Acórdão do Tribunal da Relação do Porto
Processo:
9331385
Nº Convencional: JTRP00007992
Relator: AZEVEDO RAMOS
Descritores: EXECUÇÃO
EMBARGOS DE EXECUTADO
Nº do Documento: RP199402219331385
Data do Acordão: 02/21/1994
Votação: UNANIMIDADE
Tribunal Recorrido: T J VIANA CASTELO
Texto Integral: N
Privacidade: 1
Meio Processual: AGRAVO.
Decisão: PROVIDO.
Área Temática: DIR PROC CIV - PROC EXEC.
Legislação Nacional: CPC67 ART435 ART818 N1 ART916 N1 N2 N3 ART917 ART918 ART919
ART805 ART806.
Jurisprudência Nacional: AC STJ DE 1969/12/09 IN BMJ N192 PAG206.

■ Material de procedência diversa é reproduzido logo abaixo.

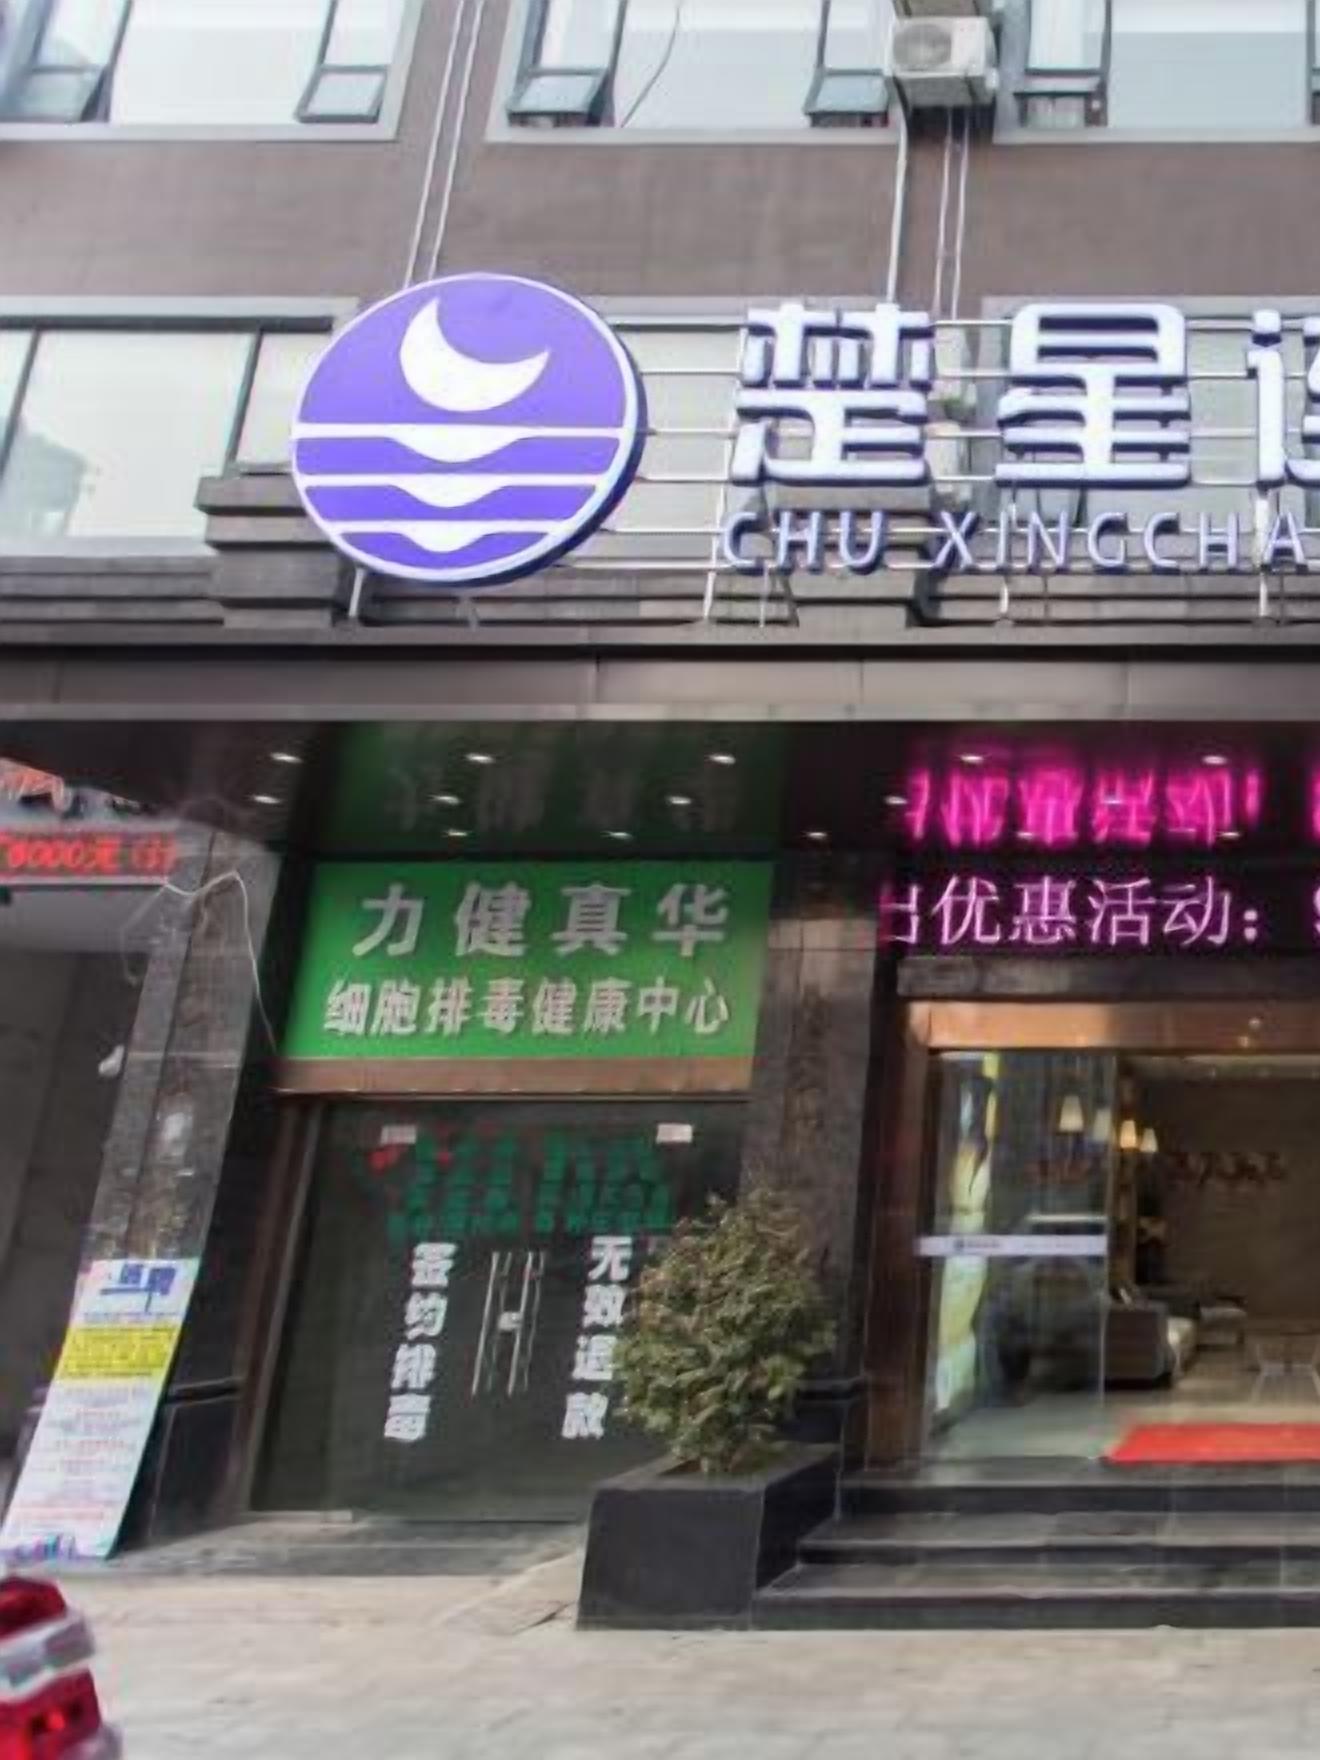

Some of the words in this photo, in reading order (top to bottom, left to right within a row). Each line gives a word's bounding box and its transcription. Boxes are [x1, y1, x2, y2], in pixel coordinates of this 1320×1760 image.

[721, 510, 889, 573] CHU
[352, 880, 729, 958] 力健真华
[323, 975, 731, 1036] 细胞排毒健康中心

AC RL DE 1979/02/23 IN CJ T1 ANOIV PAG170.
AC RP DE 1988/01/27 IN CJ T1 ANOXIII PAG265.
Sumário: I - O requerimento verbal de passagem de guias para depósito de quantia exequenda não é o meio processual adequado para fazer sustar uma execução.
II - O requerimento verbal a que se refere o artigo 916, n. 1, segunda parte do Código de Processo Civil, mesmo que o depósito da parte líquida do crédito do exequente se mostre efectuado, não é bastante para, por si só, conduzir à cessação da execução.

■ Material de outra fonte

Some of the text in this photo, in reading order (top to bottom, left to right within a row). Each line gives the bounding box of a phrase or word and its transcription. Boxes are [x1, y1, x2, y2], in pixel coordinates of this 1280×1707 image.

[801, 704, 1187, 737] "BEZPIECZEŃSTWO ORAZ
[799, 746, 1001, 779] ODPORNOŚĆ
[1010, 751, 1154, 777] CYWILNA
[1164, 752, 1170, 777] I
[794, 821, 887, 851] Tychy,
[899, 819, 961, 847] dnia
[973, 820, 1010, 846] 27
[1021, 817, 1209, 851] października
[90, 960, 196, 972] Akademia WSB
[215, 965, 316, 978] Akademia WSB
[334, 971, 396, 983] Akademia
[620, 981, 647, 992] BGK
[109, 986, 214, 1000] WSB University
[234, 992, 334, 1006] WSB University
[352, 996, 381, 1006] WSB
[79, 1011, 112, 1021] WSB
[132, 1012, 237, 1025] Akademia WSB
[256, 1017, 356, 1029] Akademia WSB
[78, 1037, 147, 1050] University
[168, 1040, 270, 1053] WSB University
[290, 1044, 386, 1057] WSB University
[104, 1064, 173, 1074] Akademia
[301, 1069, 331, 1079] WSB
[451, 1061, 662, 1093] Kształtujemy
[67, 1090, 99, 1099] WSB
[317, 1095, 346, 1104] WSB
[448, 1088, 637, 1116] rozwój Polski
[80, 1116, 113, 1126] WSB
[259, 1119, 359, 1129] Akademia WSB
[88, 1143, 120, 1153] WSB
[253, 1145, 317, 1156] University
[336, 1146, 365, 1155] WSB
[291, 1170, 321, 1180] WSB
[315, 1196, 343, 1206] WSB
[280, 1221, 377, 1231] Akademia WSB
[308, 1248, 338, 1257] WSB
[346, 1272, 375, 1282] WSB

III - O processo destinado à cessação de execução comporta as seguintes fases distintas: 1 - pedido verbal de guias para depósito da parte líquida ou já liquidada do crédito do exequente; 2 - depósito dessa quantia; 3 - requerimento dirigido ao juiz para a liquidação de toda a responsabilidade do executado.
IV - Só após este terceiro momento o juiz pode julgar suspensa a execução, porquanto só este requerimento torna certa, segura e insofismável a vontade do executado de pôr termo à execução e de a fazer cessar.
V - Àquele, depósito preliminar não pode ser atribuído o significado de "pagamento" da quantia exequenda.